No need to dive any deeper than to say: It simply failed to meet my expectations.
It was a heartbreaking, gut-wrenching kind of year the likes of which I thought I outgrew when I left Lincoln Junior High School.
It was twelve months of complication that left me introspective and confused as I counted down the days until January's fresh start.
And here I am on the other side, and I've got to say, in my starry-eyed way that you've come to know and love, I do feel fresher. And relieved. At the starting line doing energetic jumping jacks instead of laboriously breathing with the finish line off in the distance.
Maybe because in some sort of twisted self-deluding state I've convinced myself that I will remain centered in reality, as expectations ain't no friend of mine no more.
I know, I know, I know, I just said that I can't live without them. And obviously they'll come creeping in from time to time. But just think about it. Think about how much more exciting that happy ending will be when it sneaks up on you while you're busy finding other ways to make yourself smile.
I'm through with that formulaic mindset that says if A and B happen then C has to be the result. Because as 2011 has taught me, C offers no guarantee.
Stupid C.
But I digress.
The idea is to stop being Joseph Gordon-Levitt in (500) Days of Summer as he watches his expectation of a romantic evening with Zooey unravel in one of favorite movie sequences of all time.
Because we've all been there. And we all know how sucky it is to feel like you've broken your own heart counting your eggs before they hatched.
And not to get caught-up in too many old-fashioned sayings, but, I guess all of this is really centering on the idea of the watched pot that never boils.
Forget the pot. It's 2012. Who wants to be trapped in a kitchen when you can be off chasing your dreams?

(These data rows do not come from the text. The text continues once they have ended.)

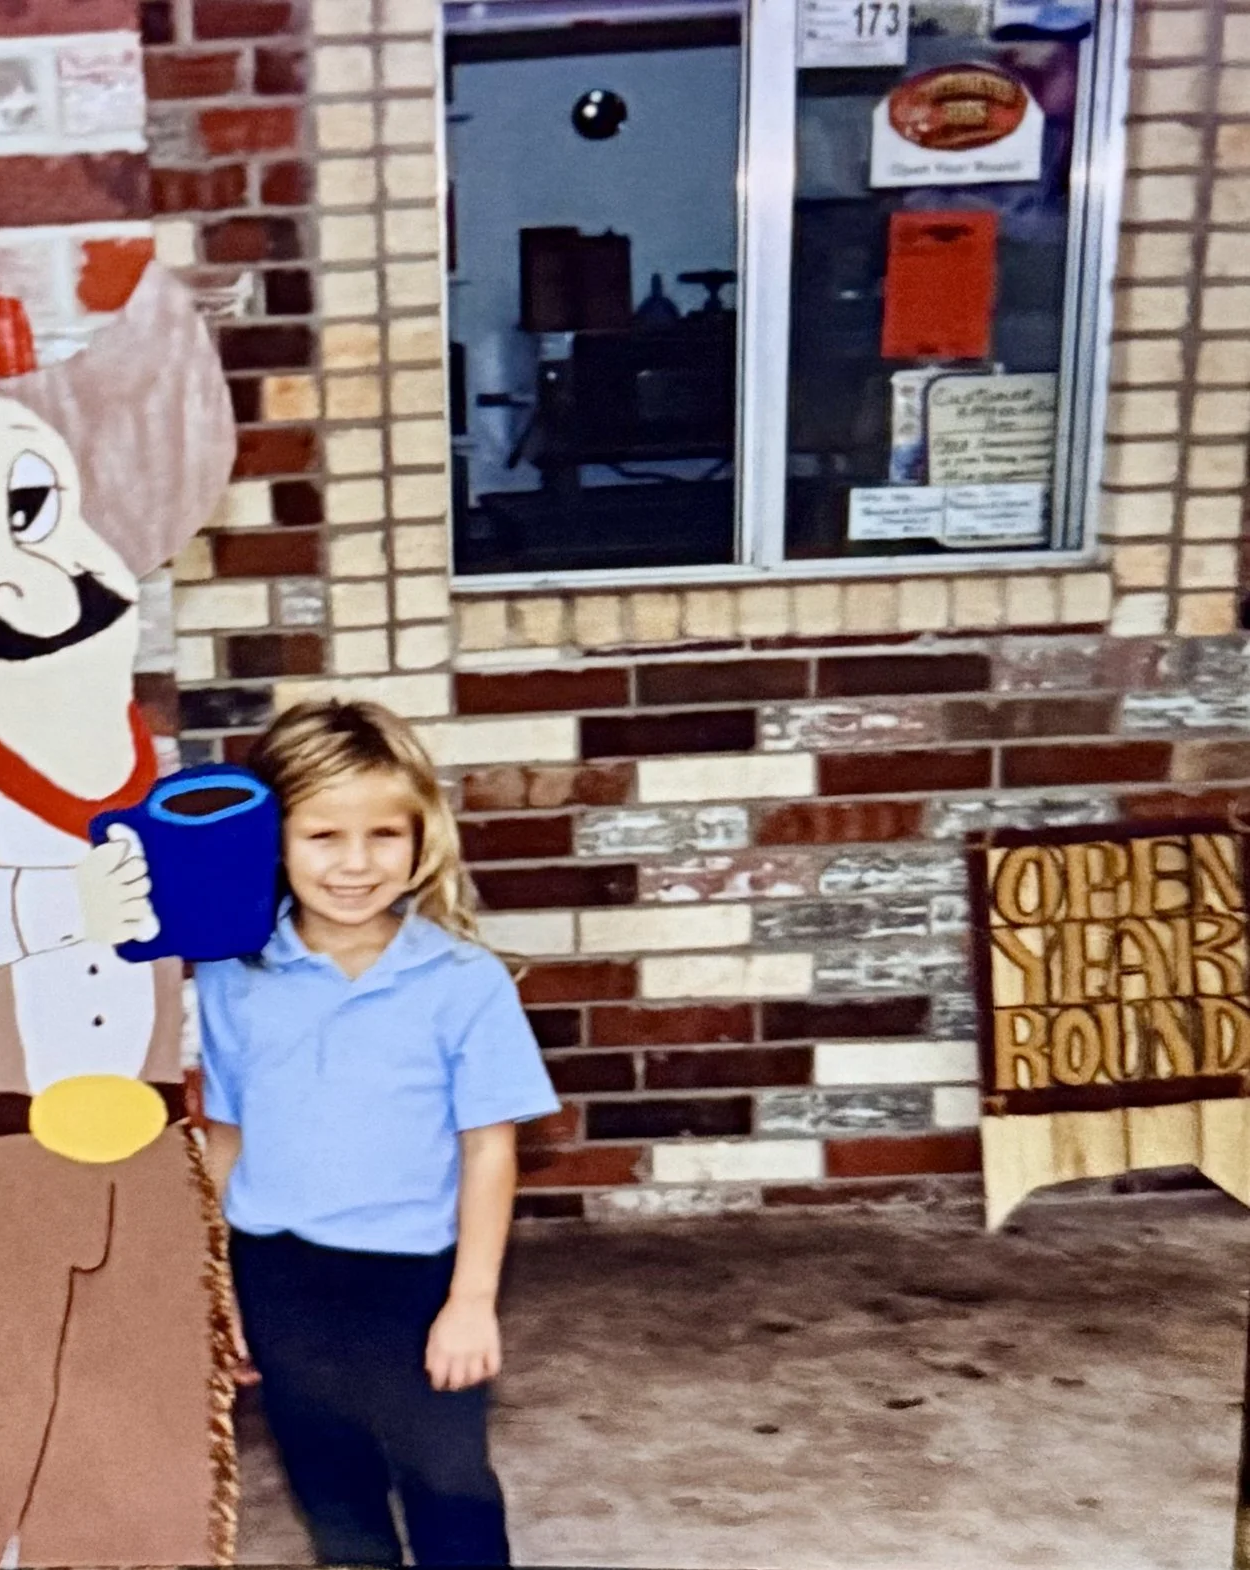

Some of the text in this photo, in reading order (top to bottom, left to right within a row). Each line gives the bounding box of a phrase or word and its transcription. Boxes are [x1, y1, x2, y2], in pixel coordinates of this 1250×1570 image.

[853, 2, 900, 37] 173
[994, 834, 1244, 926] OPEN
[990, 914, 1244, 1006] YEAR
[994, 998, 1250, 1092] ROUND
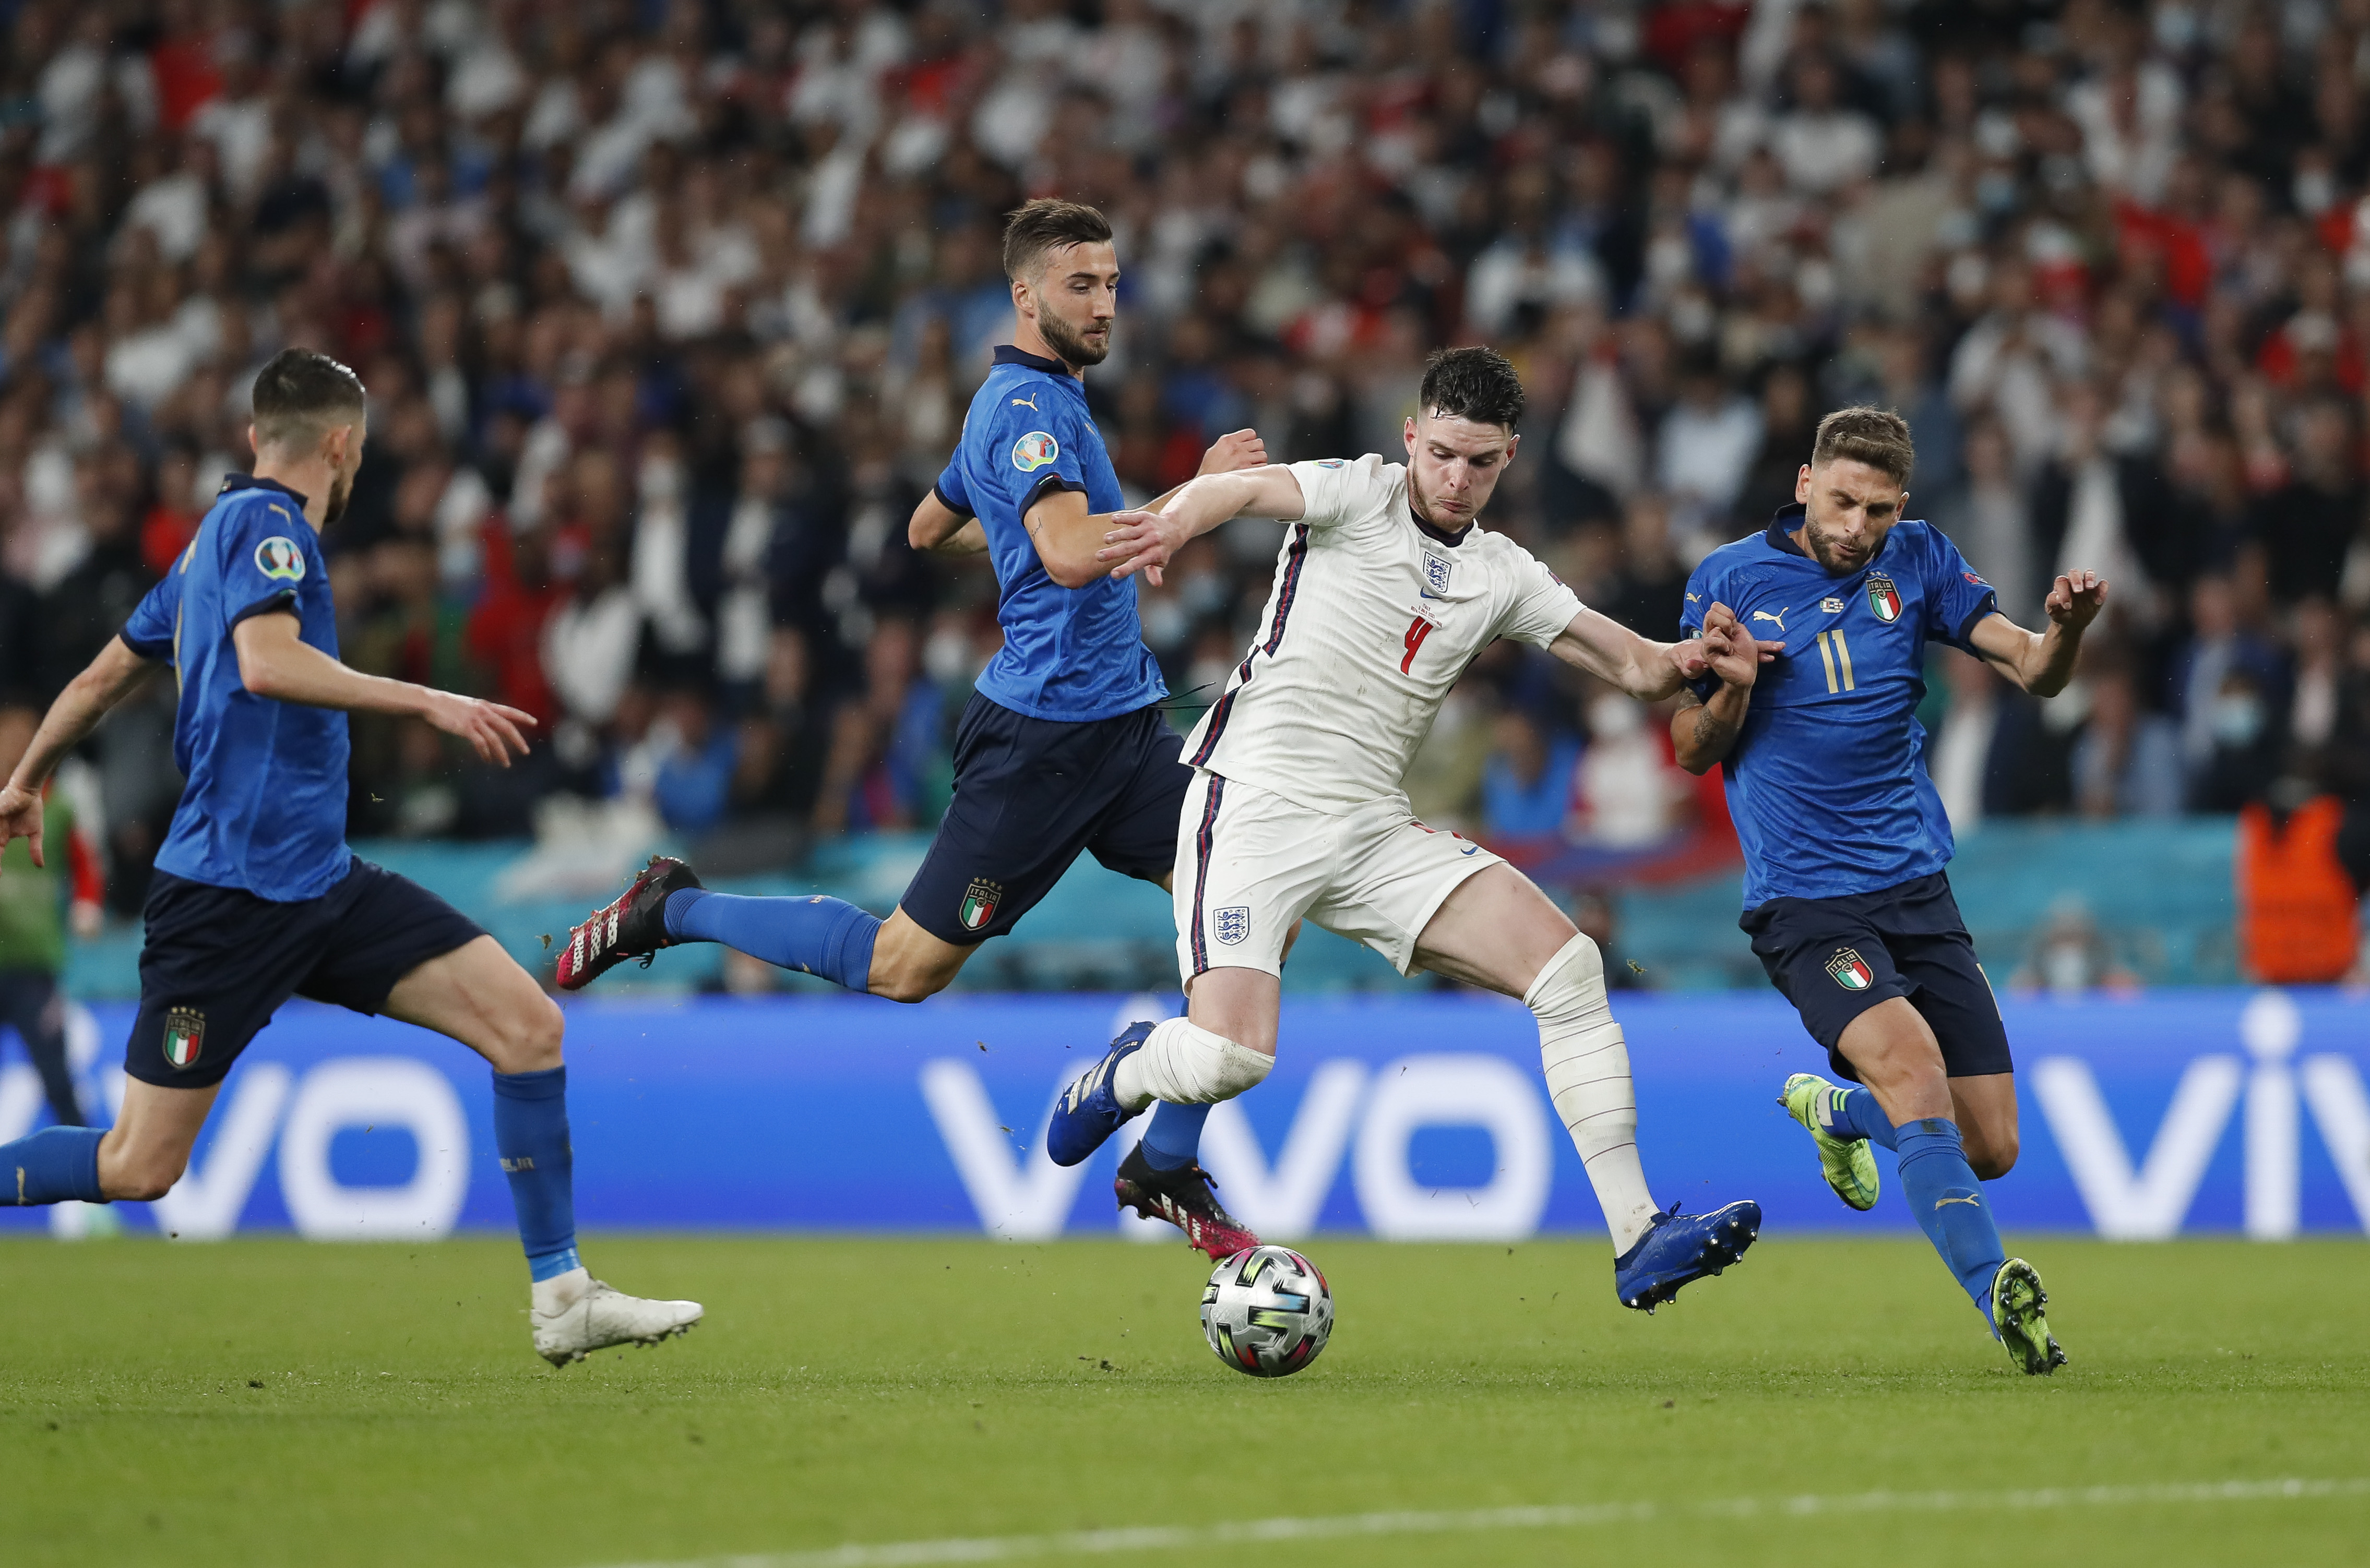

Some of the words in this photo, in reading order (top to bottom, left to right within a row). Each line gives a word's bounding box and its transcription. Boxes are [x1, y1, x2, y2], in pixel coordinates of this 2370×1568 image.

[1401, 615, 1434, 676] 4
[1817, 629, 1855, 694] 11
[971, 888, 997, 901] ITALIA
[1830, 953, 1856, 973] ITALIA
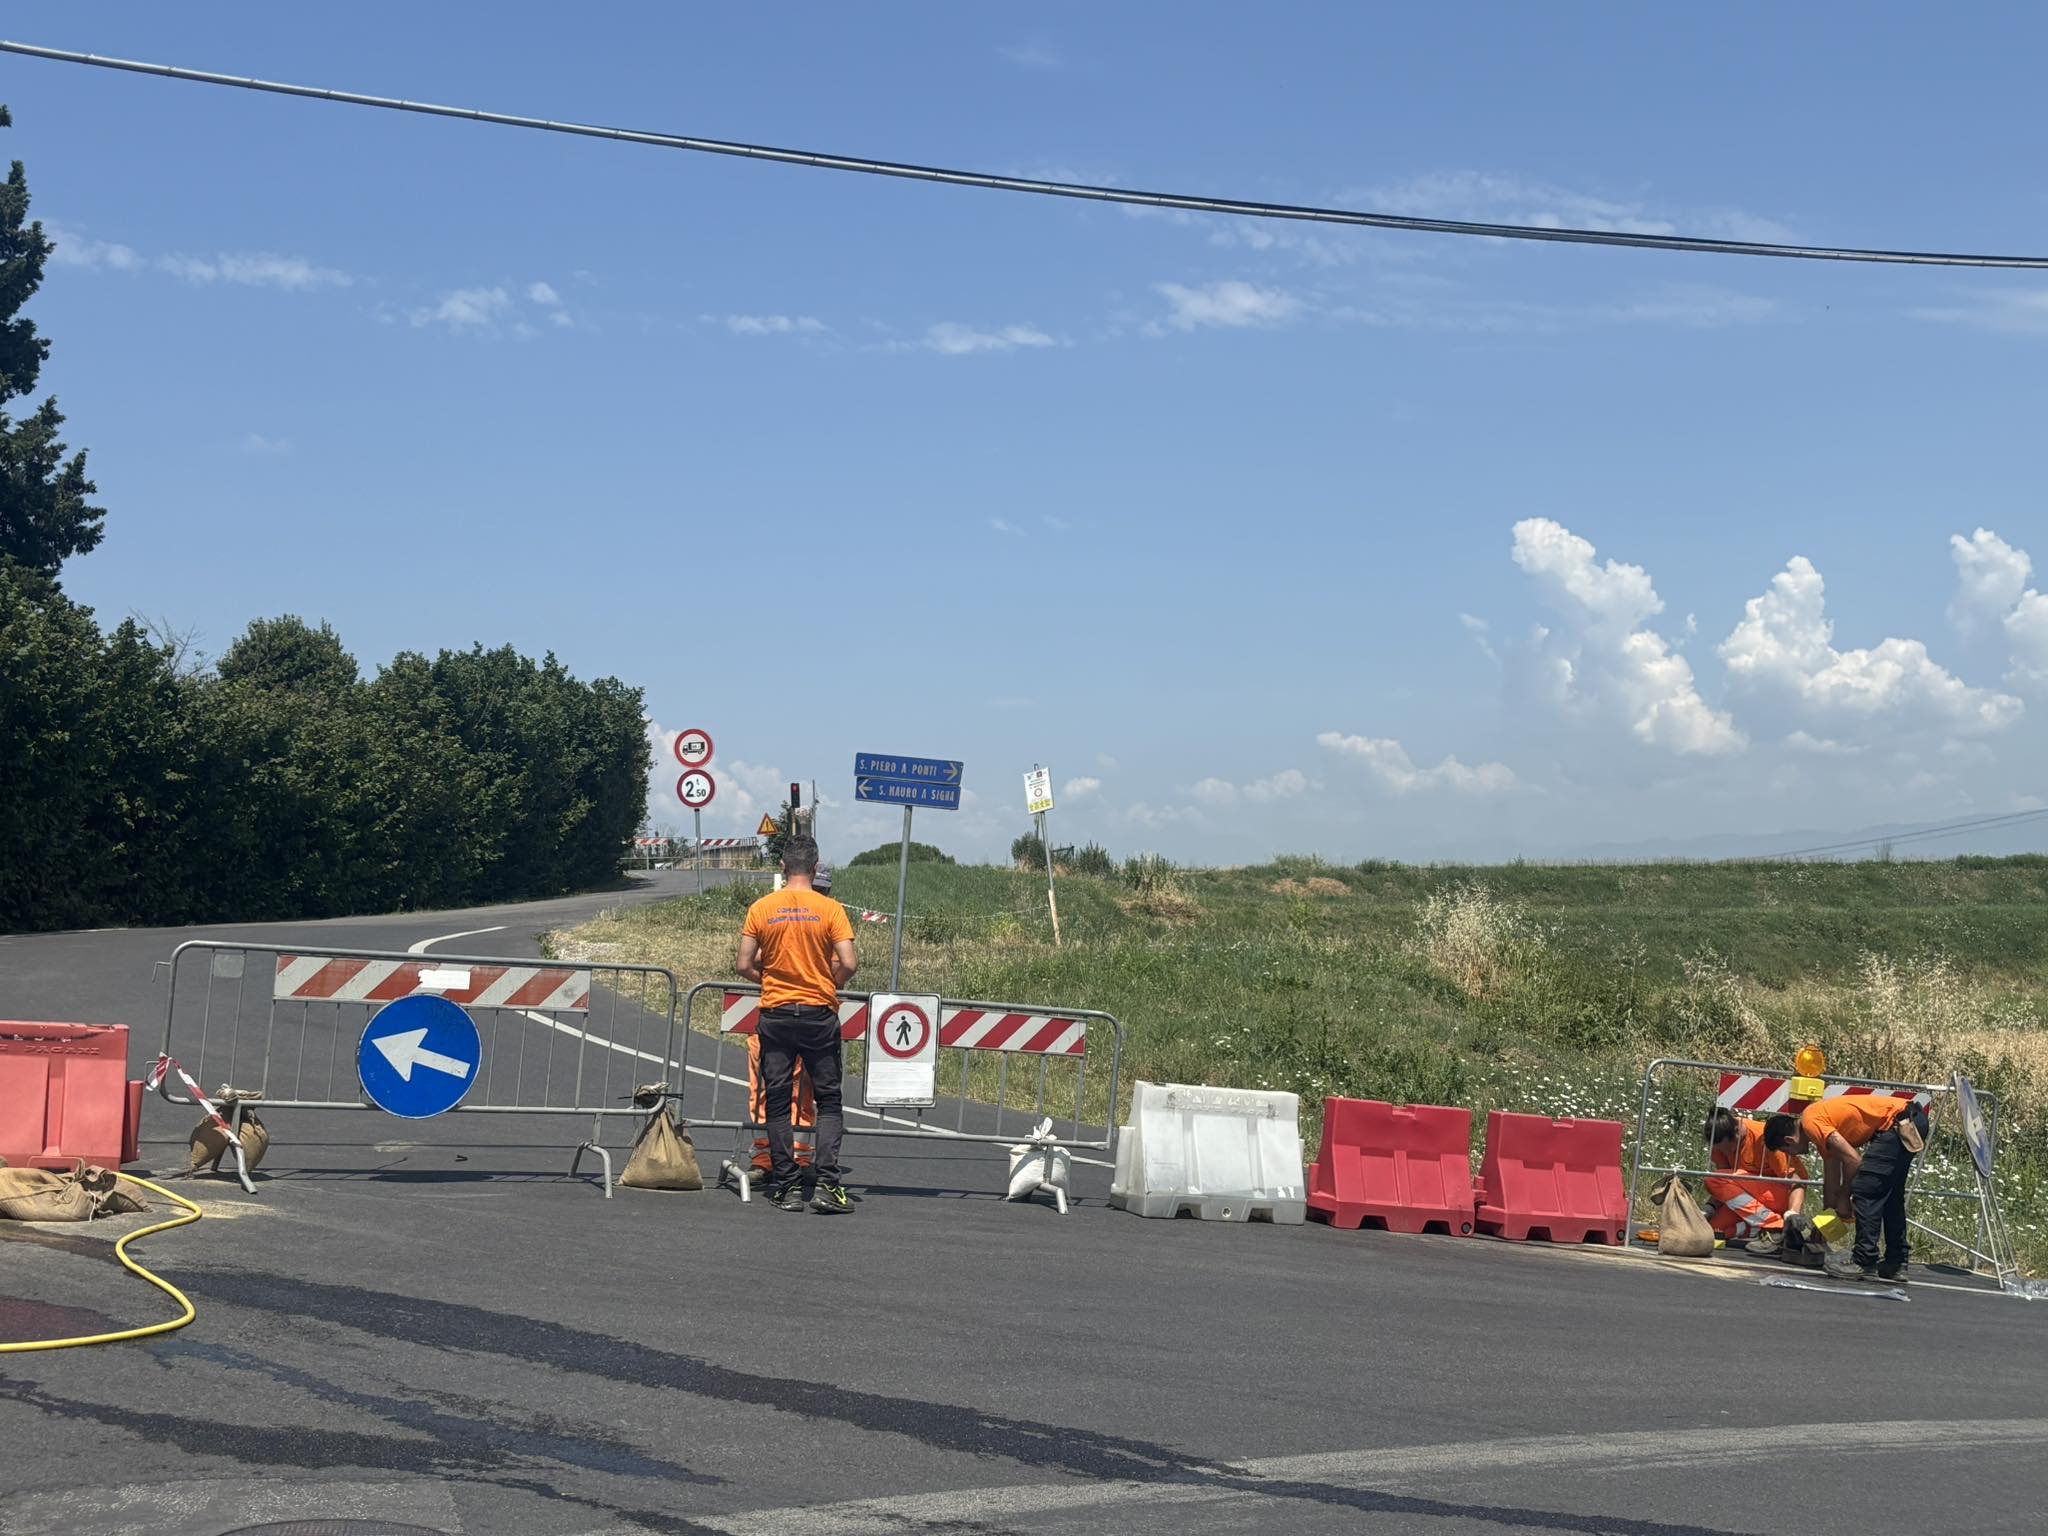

You could stand their expecting the pot to boil any minute, or you could just trust that it eventually will when it's good and ready and head off on other adventures in the meantime.
But this is just January 1 talking.
And we all know the dangers of January 1 optimism.
But, as you have many, many times before, I ask that you leave me to my naive trust in positivity.
And I'll leave you to your resolutions.
One day at a time, my friends.

Peace, love and powerful new beginnings,
Kels.

"I think we like to complicate things when it really is quite simple; find what it is that makes you happy and who it is that makes you happy and you're set. Promise."